Update: JW7 is now available. Check it out here.
The Google Chrome team recently announced it would drop support for the H.264 video codec. Dropping H264 is beneficial for Google in several ways: it may help Google’s WebM format gain additional traction in the market and solidifies Google’s stance as a supporter of open media formats in the WebM versus H264 debate, as most of Google’s other properties (including YouTube) still support H264.
Shortly after the announcement, a truckload of blog posts popped up, explaining the impact this would have on the adoption of WebM over H264. A couple interesting reads:
In spite of all the comments about this announcement, most commentators seem to gloss over its practical irrelevance. There’s a short, simple reason for this.
Flash
Suppose Internet Explorer 9 ships tomorrow and in the middle of the night, the IE team abandons H264 and ships the browser with WebM instead. Next, suppose every single Internet Explorer installation out there is instantly updated to v9, making WebM support widespread.

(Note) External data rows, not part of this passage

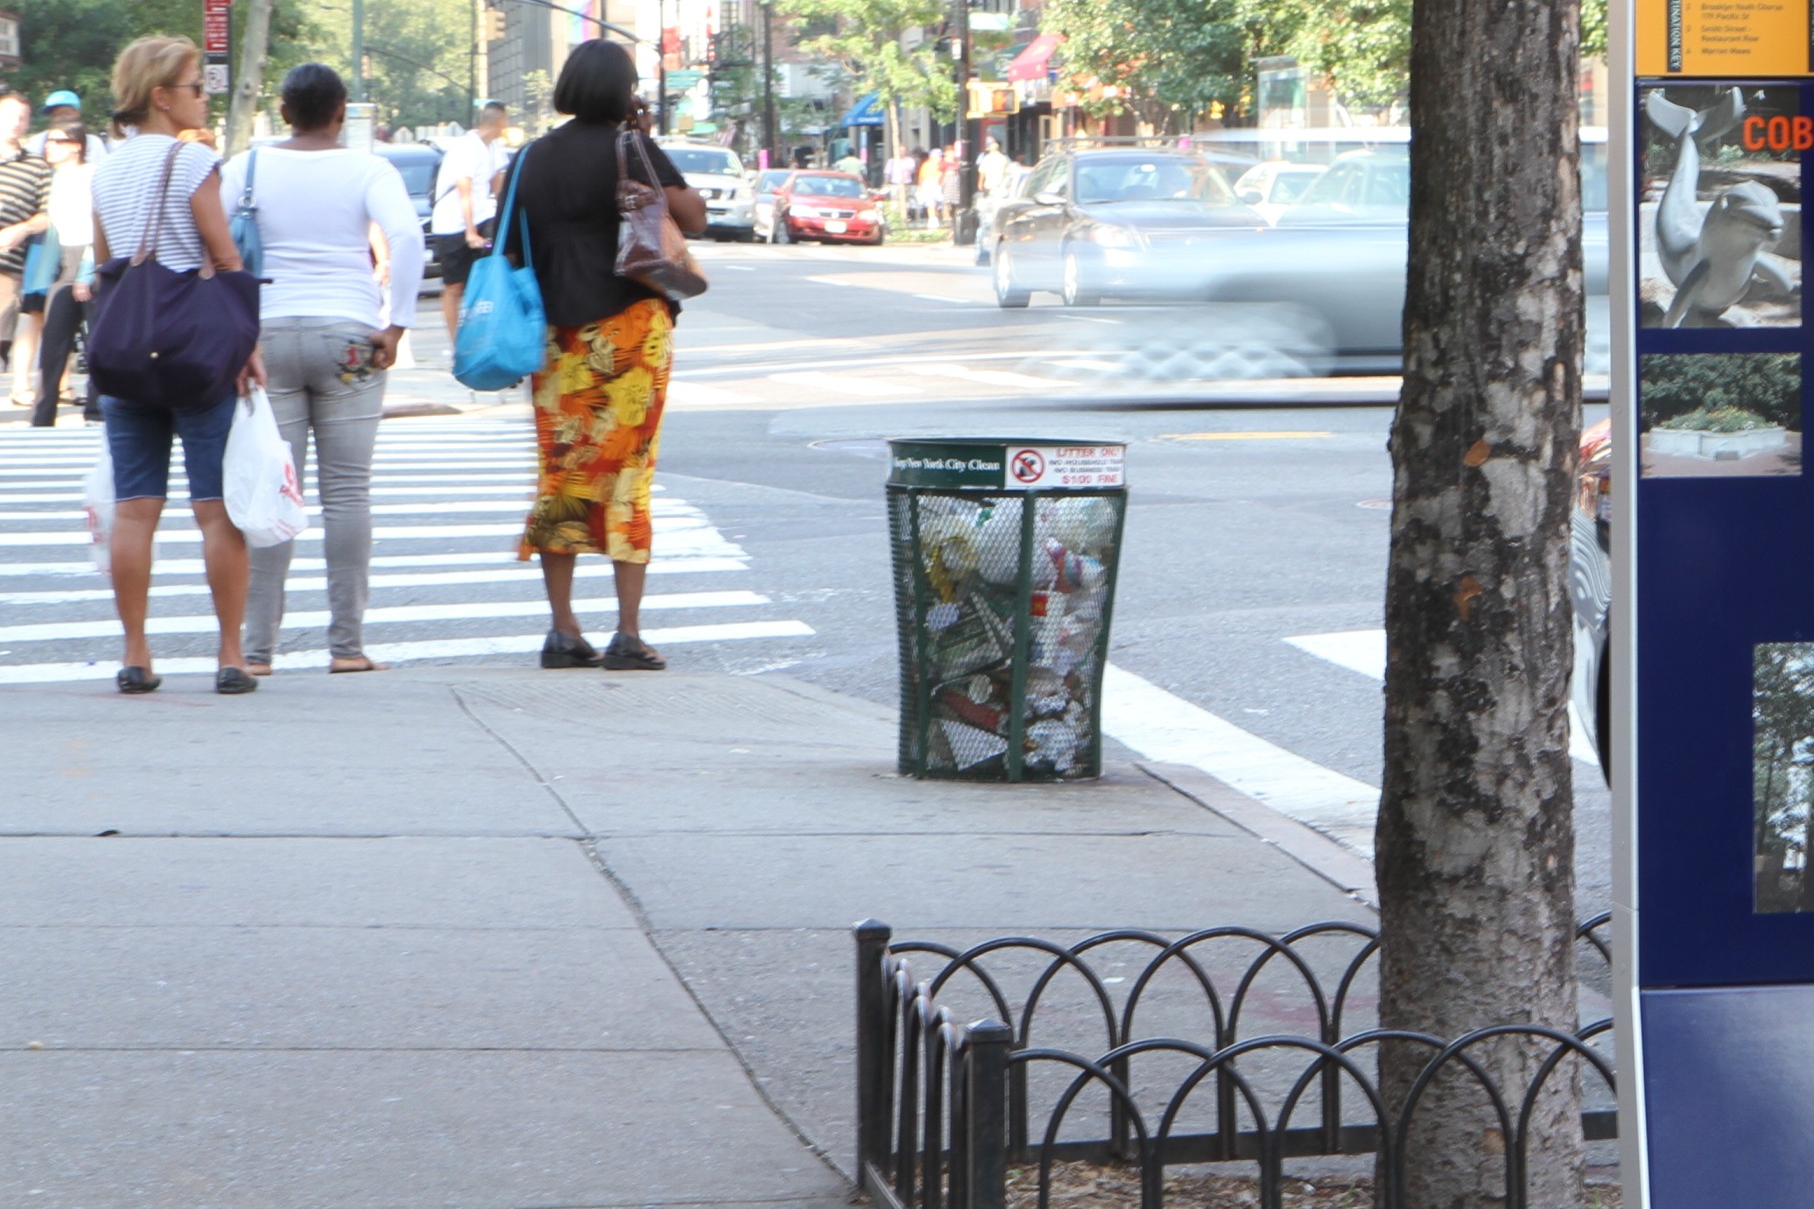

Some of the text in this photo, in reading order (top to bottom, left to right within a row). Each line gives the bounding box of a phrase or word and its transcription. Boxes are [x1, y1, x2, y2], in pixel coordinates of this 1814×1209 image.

[1670, 48, 1681, 69] KEY
[1056, 448, 1097, 457] LITTER
[924, 458, 945, 470] York
[945, 458, 968, 473] City
[968, 459, 1000, 471] Clean
[1061, 474, 1118, 485] $100 FINE

Nothing would change. Why? Because all video watched on the desktop is played through Flash, and Flash isn’t going away any time soon.
Publishers currently cannot move from Flash to HTML5, because HTML5 lacks vital technologies like adaptive streaming (for long-form / live content), content protection (for premium content) and playback locking (for advertising). On top of that, today’s entire online video ecosystem (ingestion, transcoding, advertising, analytics, viral sharing, etc.) is Flash based. Both obstacles will be overcome in time, but this will be a slow process of incremental technological advances.
To force a transition, some bloggers have suggested Chrome should entirely drop support for Flash. This definitely won’t happen. Flash is absolutely vital to the web. In addition to video, there’s applications like advertising (a $25B industry) and gaming (Farmville!) that fully depend on it. Any browser dropping Flash would instantly get dropped by both publishers and users in turn.
In summary, desktop browsers are stuck with Flash, and publishers will simply continue to use Flash. As the migration to HTML5 starts to happen, publishers will leverage Flash in browsers that do not support their video format of choice (be it H264 or WebM). Video platforms like Bits on the Run or Brightcove and video players like the JW Player facilitate such functionalities today.
As it pertains to WebM/H264, desktop browsers will not move the needle either way. But something else will.
Devices
Devices (phones, tablets, settops) do not have a history of supporting Flash and many will choose not to (as Apple has done for iOS). On devices where Flash is supported, CPU limitations will make it impossible to play video using software-based decoding. This means that even Flash will be limited by whatever video codecs the devices support in hardware. In other words: Flash cannot be used as a fallback for unsupported codecs as it is today for desktop browsers.
The choices device vendors (hardware + software) make will have the greatest impact the adoption of WebM. Publishers will be forced to choose between publishing their videos in whichever formats are natively supported on the most popular devices, or choose not to support certain platforms. While it’s still possible to distribute your content without worrying too much about the discrepancy between the platforms, the incredible growth of the phone, tablet and settop market will soon take that option off of the table.
That said, the odds are against WebM for now. H264 is available on nearly any phone, tablet and settop out there and WebM isn’t available on any device. Only after the launch of WebM hardware decoding can we expect to see announcements that can influence the uptake of WebM versus H264. Who will support WebM decoding? How good will it be (performance, streaming, protection) compared to H264? And who (besides Google) will dare dropping H264 decoding support?
Only after the various device vendors have picked their side (and users have picked their devices!), can we re-evaluate. Until then, announcements like the one made by the Chrome team will only have symbolic value.